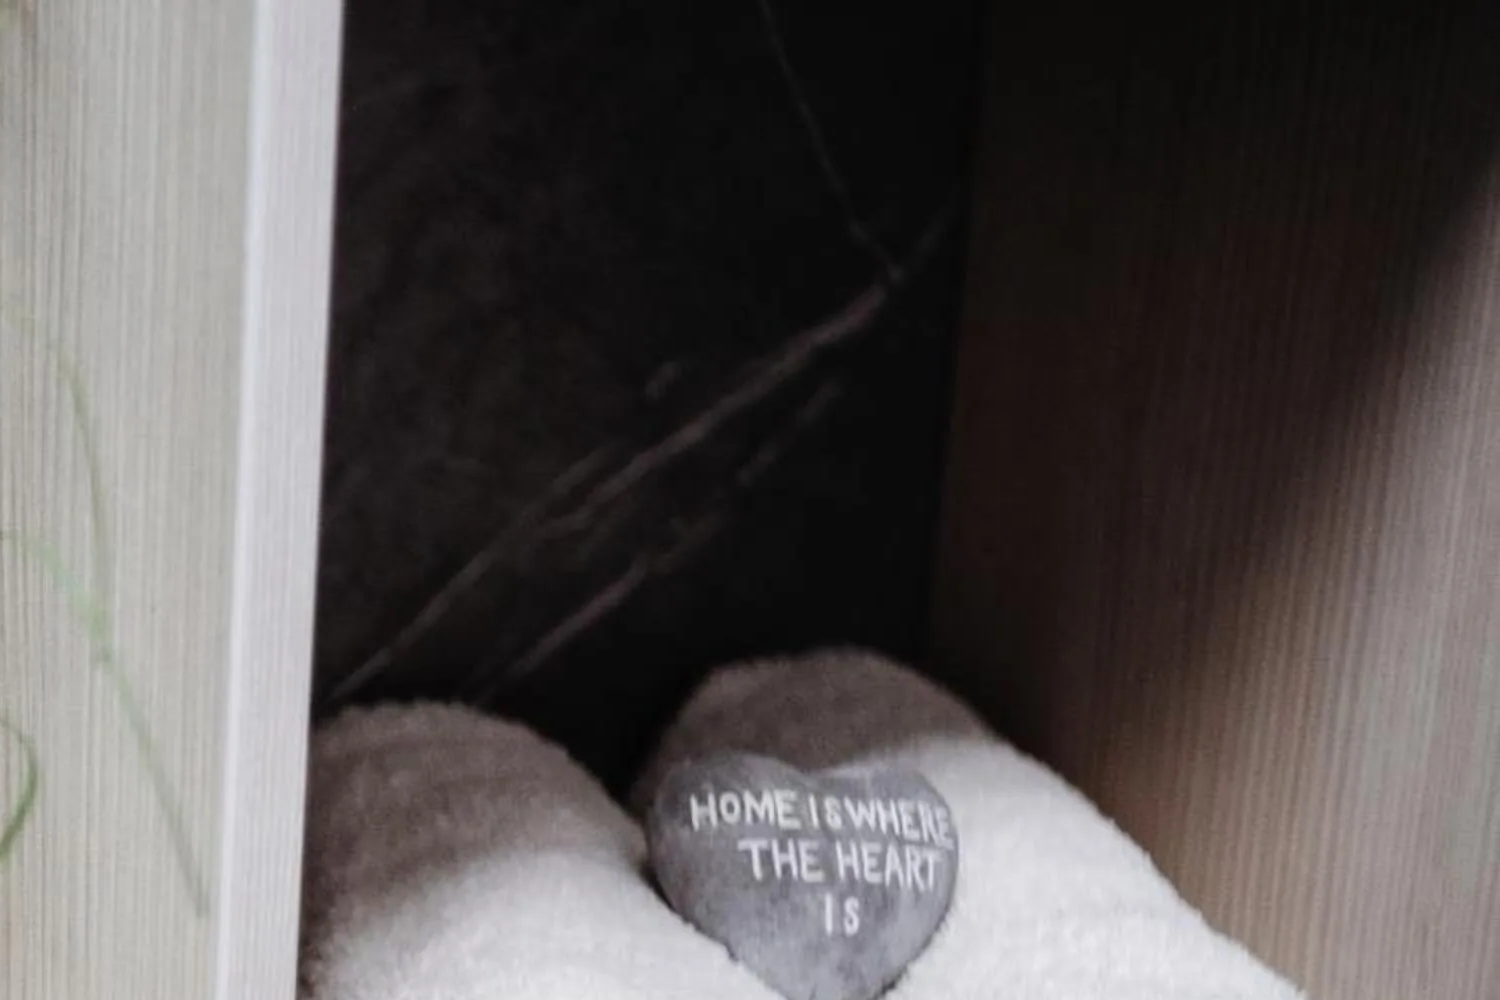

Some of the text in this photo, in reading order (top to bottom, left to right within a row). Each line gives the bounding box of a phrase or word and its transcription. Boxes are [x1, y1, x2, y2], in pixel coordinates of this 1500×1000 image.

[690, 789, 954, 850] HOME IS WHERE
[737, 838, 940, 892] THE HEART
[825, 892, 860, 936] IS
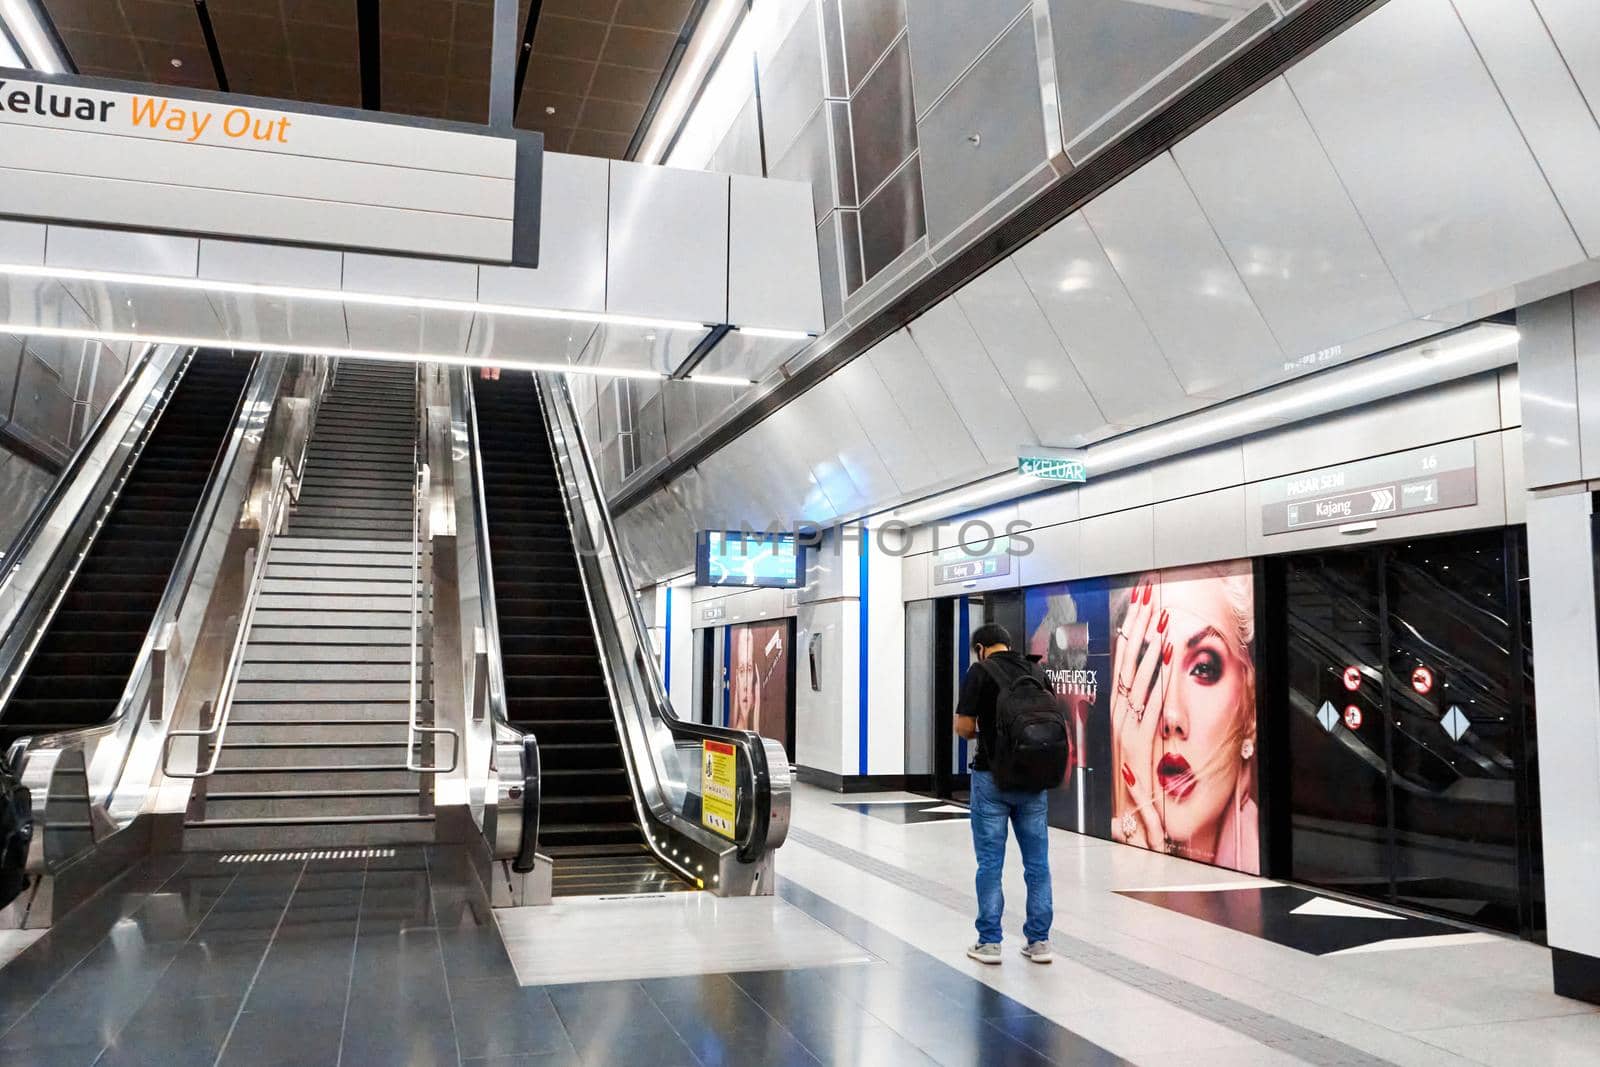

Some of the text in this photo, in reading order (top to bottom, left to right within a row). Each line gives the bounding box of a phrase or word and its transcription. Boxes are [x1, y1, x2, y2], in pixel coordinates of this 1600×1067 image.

▶ **WORK ORDER**: Without copying any picture, write out all of the material exactly as it reads.

▶ **EXERCISE OUTPUT**:
Some of the text in this photo, in reading order (top to bottom, left to right within a row). Each line gives the bounding box of a phrase or word and its transcription. Boxes are [x1, y1, x2, y2], in pixel coordinates of this 1500×1000 image.

[690, 789, 954, 850] HOME IS WHERE
[737, 838, 940, 892] THE HEART
[825, 892, 860, 936] IS

Some of the text in this photo, in reading order (top to bottom, left to right within a row). Each line gives the bounding box of a phrase or word and its transcription. Boxes are [x1, y1, x2, y2], in pixel coordinates of this 1600×1067 image.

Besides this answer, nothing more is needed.